- _What the task requires_
Below are records to be copied exactly; their pictures are to be omitted.
- Opening Delimiter -
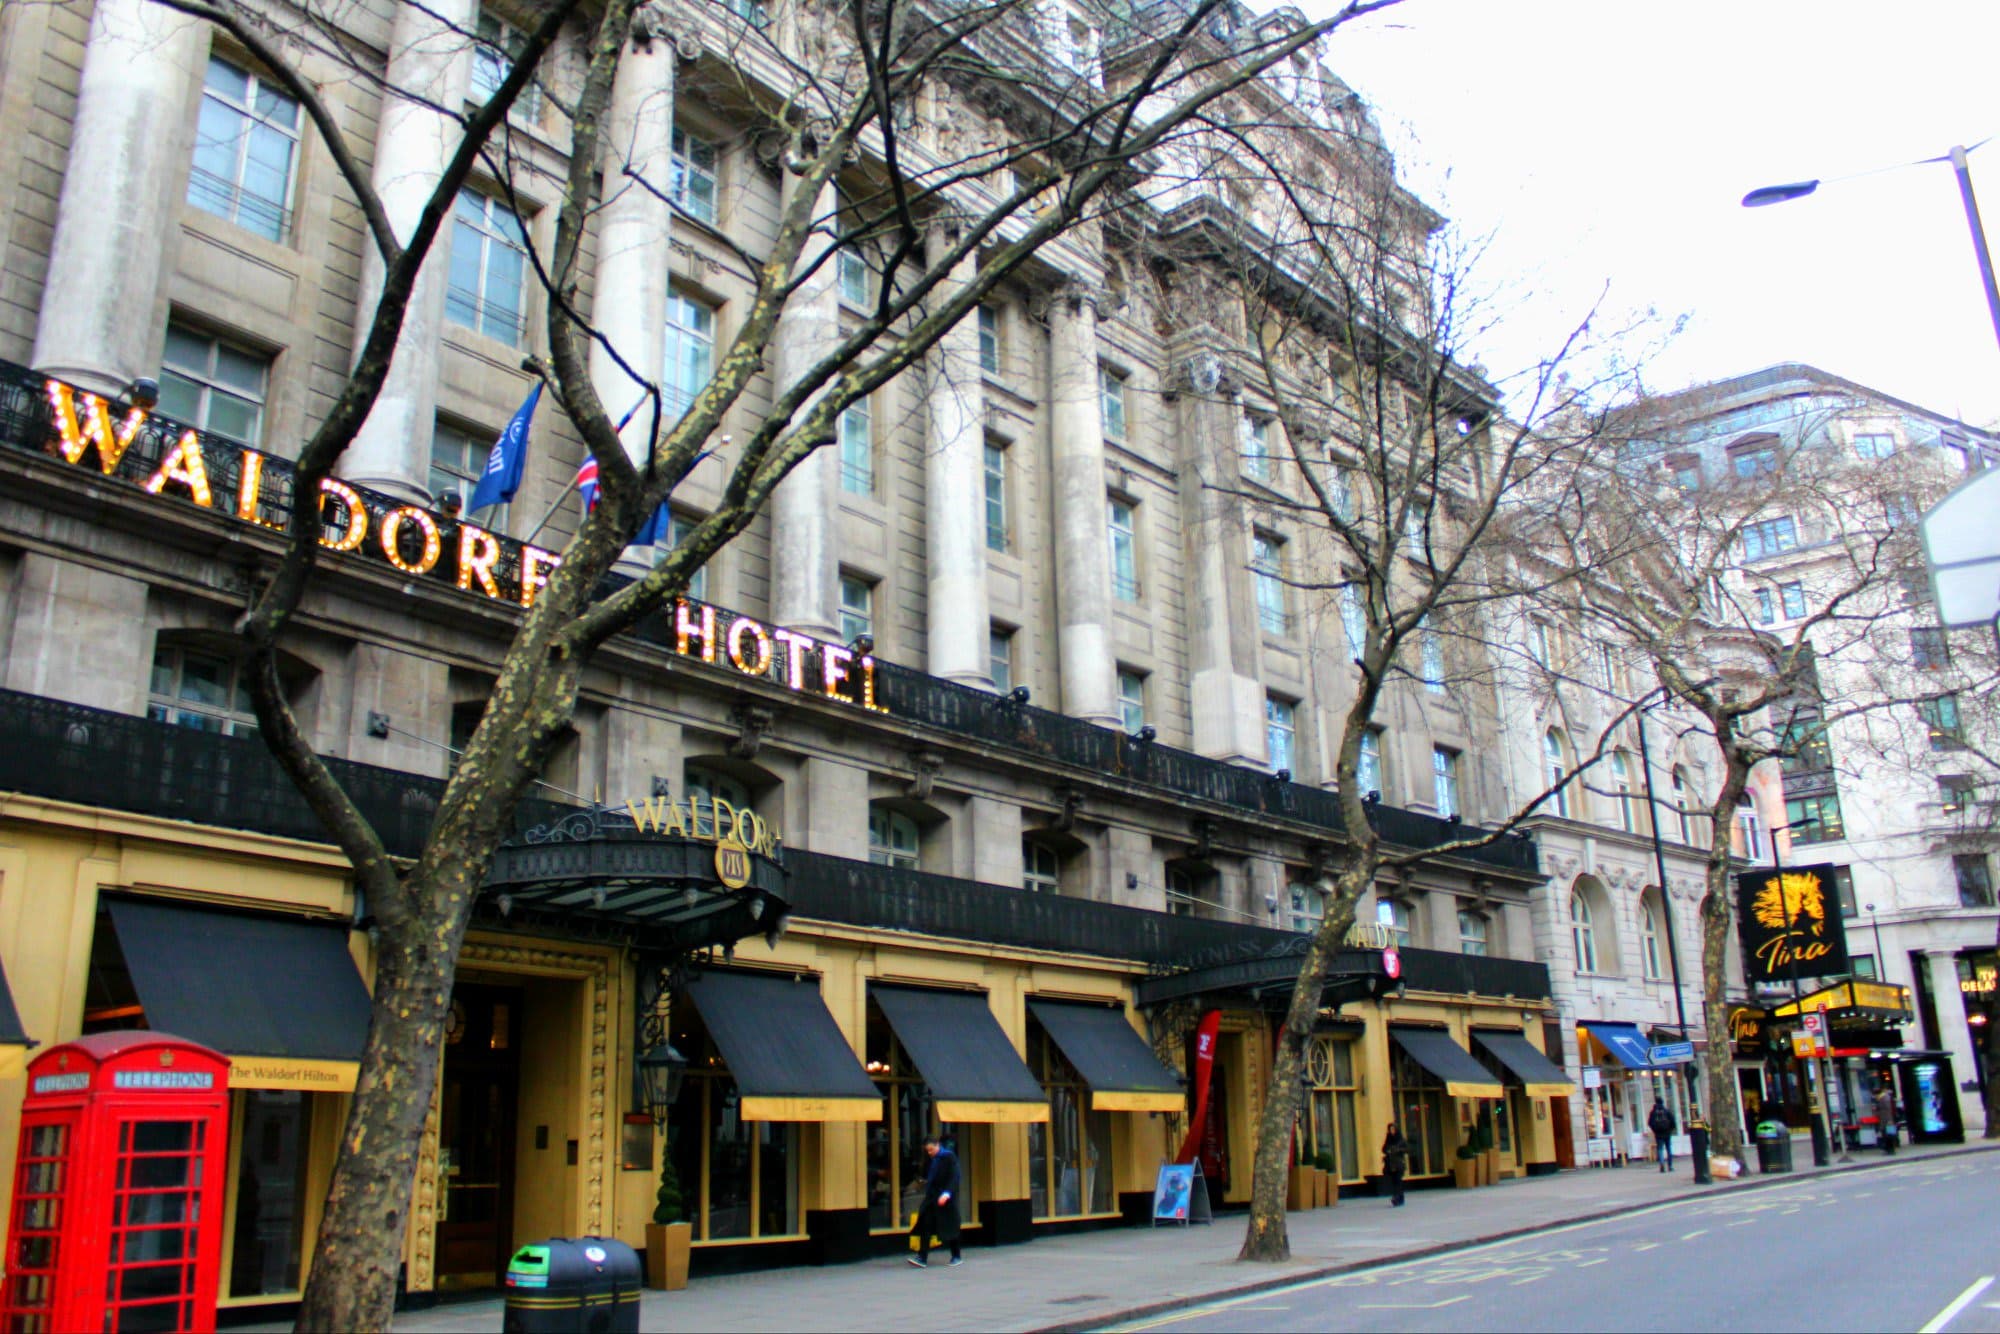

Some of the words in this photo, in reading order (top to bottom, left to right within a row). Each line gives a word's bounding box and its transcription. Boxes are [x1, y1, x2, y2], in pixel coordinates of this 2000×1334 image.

[46, 378, 562, 609] WALDORF
[675, 597, 890, 715] HOTEL
[1756, 930, 1835, 973] Tina
[117, 1072, 211, 1088] TELEPHONE
[229, 1066, 250, 1078] The
[253, 1067, 301, 1080] Waldorf
[304, 1069, 340, 1082] Hilton
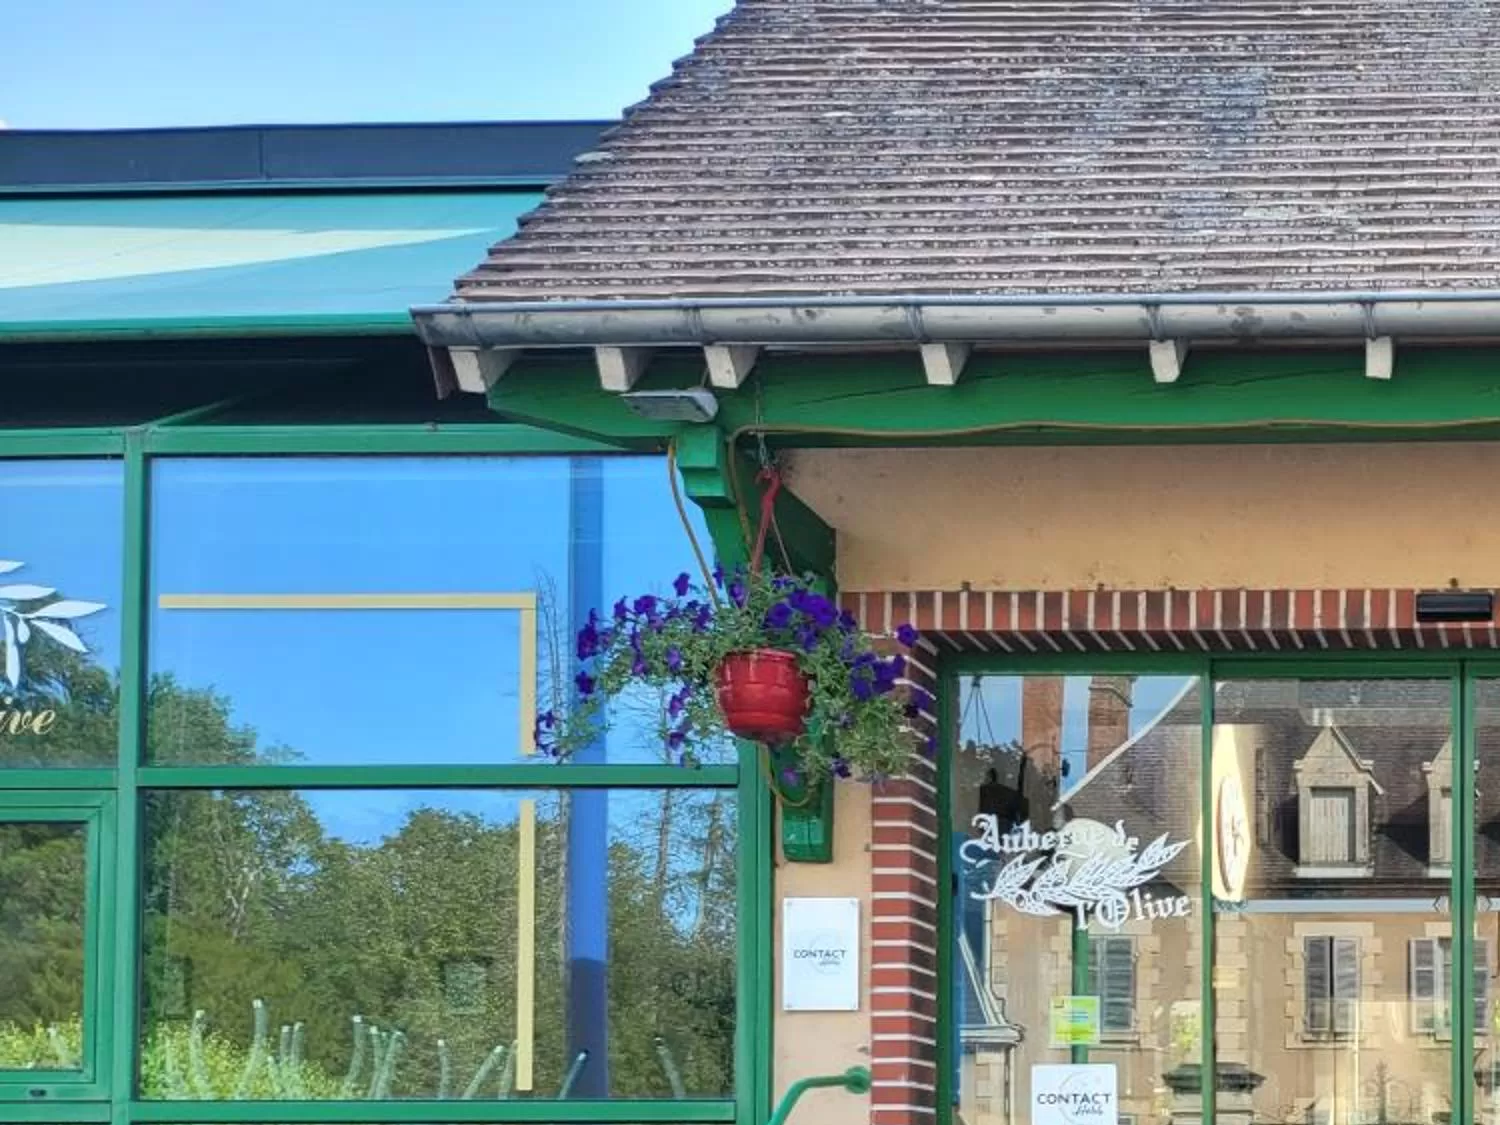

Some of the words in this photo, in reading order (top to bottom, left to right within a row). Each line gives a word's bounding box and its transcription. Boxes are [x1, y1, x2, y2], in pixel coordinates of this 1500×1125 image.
- Closing Delimiter -
- _Answer below_
Some of the words in this photo, in reading order (top to bottom, left to right within a row). Each line gives a word's bounding box and its transcription. Boxes are [x1, y1, x2, y2], in pixel coordinates of this 2000×1334 image.

[46, 378, 562, 609] WALDORF
[675, 597, 890, 715] HOTEL
[1756, 930, 1835, 973] Tina
[117, 1072, 211, 1088] TELEPHONE
[229, 1066, 250, 1078] The
[253, 1067, 301, 1080] Waldorf
[304, 1069, 340, 1082] Hilton

Some of the words in this photo, in reading order (top to bottom, left to right within a row). Each line gives a word's bounding box and its transcription. Boxes are [x1, y1, x2, y2], in pixel coordinates of this 1500×1125 image.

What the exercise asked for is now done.